==== DATA EXTRACT ====
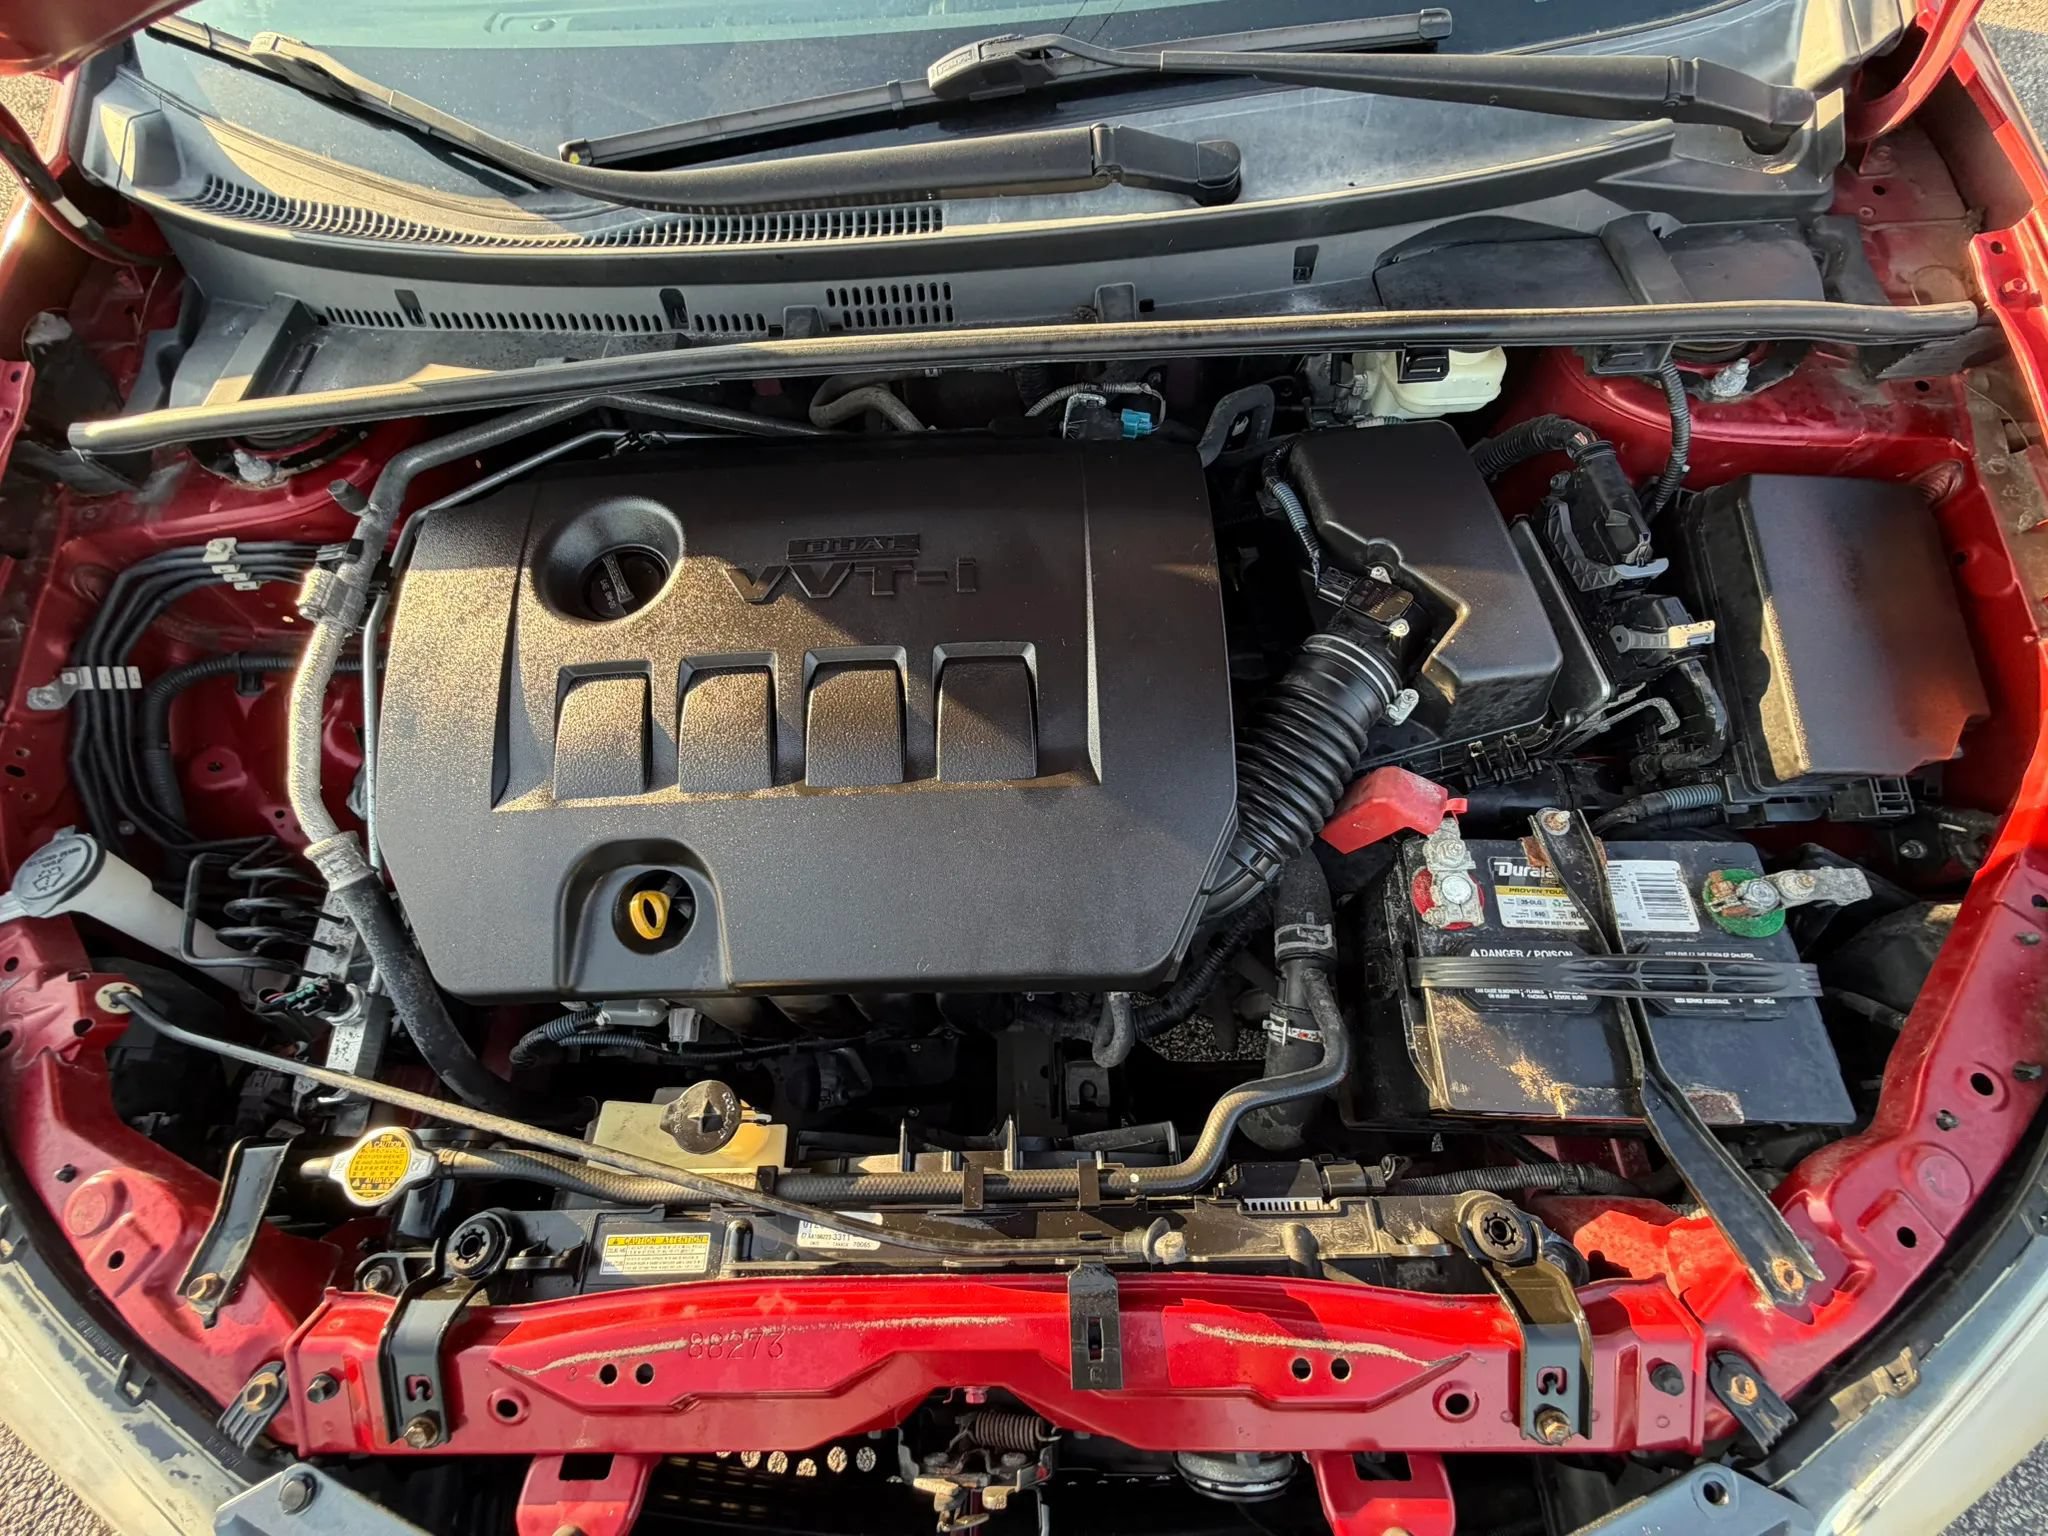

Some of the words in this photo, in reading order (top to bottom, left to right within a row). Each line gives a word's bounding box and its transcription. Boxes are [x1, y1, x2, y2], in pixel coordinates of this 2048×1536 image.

[804, 536, 911, 553] DUAL
[1493, 862, 1556, 878] Durala
[1508, 887, 1542, 895] PROVEN
[1479, 949, 1524, 958] DANGER
[624, 1237, 657, 1245] CAUTION
[663, 1235, 704, 1245] ATTENTION
[687, 1330, 786, 1360] 88273
====
EXERCISE INSTRUCTIONS
When you repeat the records, reproduce each line exactly and drop the images.

RESPONSE TO THE EXERCISE
Some of the words in this photo, in reading order (top to bottom, left to right within a row). Each line gives a word's bounding box and its transcription. Boxes are [x1, y1, x2, y2], in pixel coordinates of this 2048×1536 image.

[804, 536, 911, 553] DUAL
[1493, 862, 1556, 878] Durala
[1508, 887, 1542, 895] PROVEN
[1479, 949, 1524, 958] DANGER
[624, 1237, 657, 1245] CAUTION
[663, 1235, 704, 1245] ATTENTION
[687, 1330, 786, 1360] 88273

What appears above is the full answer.